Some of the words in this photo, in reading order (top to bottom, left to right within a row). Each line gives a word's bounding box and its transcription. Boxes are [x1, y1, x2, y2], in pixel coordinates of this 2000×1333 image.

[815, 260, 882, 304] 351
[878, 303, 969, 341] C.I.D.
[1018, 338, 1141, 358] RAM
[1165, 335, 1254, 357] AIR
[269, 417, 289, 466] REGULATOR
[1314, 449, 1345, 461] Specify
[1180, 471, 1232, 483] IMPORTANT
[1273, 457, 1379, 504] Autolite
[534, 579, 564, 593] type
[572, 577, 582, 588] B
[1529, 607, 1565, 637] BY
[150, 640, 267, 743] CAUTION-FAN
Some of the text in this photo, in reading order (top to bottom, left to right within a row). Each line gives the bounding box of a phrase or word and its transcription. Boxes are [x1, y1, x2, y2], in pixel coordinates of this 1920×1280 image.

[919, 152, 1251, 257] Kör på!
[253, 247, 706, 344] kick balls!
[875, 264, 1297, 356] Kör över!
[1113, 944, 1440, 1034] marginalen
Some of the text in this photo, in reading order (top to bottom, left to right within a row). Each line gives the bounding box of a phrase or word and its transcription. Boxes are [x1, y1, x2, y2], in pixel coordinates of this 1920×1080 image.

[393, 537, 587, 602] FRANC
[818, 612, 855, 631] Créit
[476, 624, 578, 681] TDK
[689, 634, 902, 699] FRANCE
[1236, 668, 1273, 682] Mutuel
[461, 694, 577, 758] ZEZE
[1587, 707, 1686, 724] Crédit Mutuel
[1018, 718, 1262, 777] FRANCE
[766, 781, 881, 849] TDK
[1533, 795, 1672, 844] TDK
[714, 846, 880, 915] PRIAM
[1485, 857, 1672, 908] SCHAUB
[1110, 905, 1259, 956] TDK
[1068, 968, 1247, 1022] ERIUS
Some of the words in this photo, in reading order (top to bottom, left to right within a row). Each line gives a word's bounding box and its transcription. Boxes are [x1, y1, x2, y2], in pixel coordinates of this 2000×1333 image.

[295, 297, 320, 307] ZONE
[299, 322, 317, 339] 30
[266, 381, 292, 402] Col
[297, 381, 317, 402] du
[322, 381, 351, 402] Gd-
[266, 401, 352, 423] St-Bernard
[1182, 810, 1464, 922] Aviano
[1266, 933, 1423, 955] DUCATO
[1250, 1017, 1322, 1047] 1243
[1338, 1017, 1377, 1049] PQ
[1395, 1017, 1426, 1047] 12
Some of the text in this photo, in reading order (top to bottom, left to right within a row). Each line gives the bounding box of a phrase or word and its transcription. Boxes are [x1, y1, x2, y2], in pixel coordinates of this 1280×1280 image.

***

TASK =
Would you transcribe the whole listing, keeping every character the same?

RESPONSE BELOW =
Some of the words in this photo, in reading order (top to bottom, left to right within a row). Each line gives a word's bounding box and its transcription. Boxes are [x1, y1, x2, y2], in pixel coordinates of this 2000×1333 image.

[815, 260, 882, 304] 351
[878, 303, 969, 341] C.I.D.
[1018, 338, 1141, 358] RAM
[1165, 335, 1254, 357] AIR
[269, 417, 289, 466] REGULATOR
[1314, 449, 1345, 461] Specify
[1180, 471, 1232, 483] IMPORTANT
[1273, 457, 1379, 504] Autolite
[534, 579, 564, 593] type
[572, 577, 582, 588] B
[1529, 607, 1565, 637] BY
[150, 640, 267, 743] CAUTION-FAN
Some of the text in this photo, in reading order (top to bottom, left to right within a row). Each line gives the bounding box of a phrase or word and its transcription. Boxes are [x1, y1, x2, y2], in pixel coordinates of this 1920×1280 image.

[919, 152, 1251, 257] Kör på!
[253, 247, 706, 344] kick balls!
[875, 264, 1297, 356] Kör över!
[1113, 944, 1440, 1034] marginalen
Some of the text in this photo, in reading order (top to bottom, left to right within a row). Each line gives the bounding box of a phrase or word and its transcription. Boxes are [x1, y1, x2, y2], in pixel coordinates of this 1920×1080 image.

[393, 537, 587, 602] FRANC
[818, 612, 855, 631] Créit
[476, 624, 578, 681] TDK
[689, 634, 902, 699] FRANCE
[1236, 668, 1273, 682] Mutuel
[461, 694, 577, 758] ZEZE
[1587, 707, 1686, 724] Crédit Mutuel
[1018, 718, 1262, 777] FRANCE
[766, 781, 881, 849] TDK
[1533, 795, 1672, 844] TDK
[714, 846, 880, 915] PRIAM
[1485, 857, 1672, 908] SCHAUB
[1110, 905, 1259, 956] TDK
[1068, 968, 1247, 1022] ERIUS
Some of the words in this photo, in reading order (top to bottom, left to right within a row). Each line gives a word's bounding box and its transcription. Boxes are [x1, y1, x2, y2], in pixel coordinates of this 2000×1333 image.

[295, 297, 320, 307] ZONE
[299, 322, 317, 339] 30
[266, 381, 292, 402] Col
[297, 381, 317, 402] du
[322, 381, 351, 402] Gd-
[266, 401, 352, 423] St-Bernard
[1182, 810, 1464, 922] Aviano
[1266, 933, 1423, 955] DUCATO
[1250, 1017, 1322, 1047] 1243
[1338, 1017, 1377, 1049] PQ
[1395, 1017, 1426, 1047] 12
Some of the text in this photo, in reading order (top to bottom, left to right within a row). Each line gives the bounding box of a phrase or word and its transcription. Boxes are [x1, y1, x2, y2], in pixel coordinates of this 1280×1280 image.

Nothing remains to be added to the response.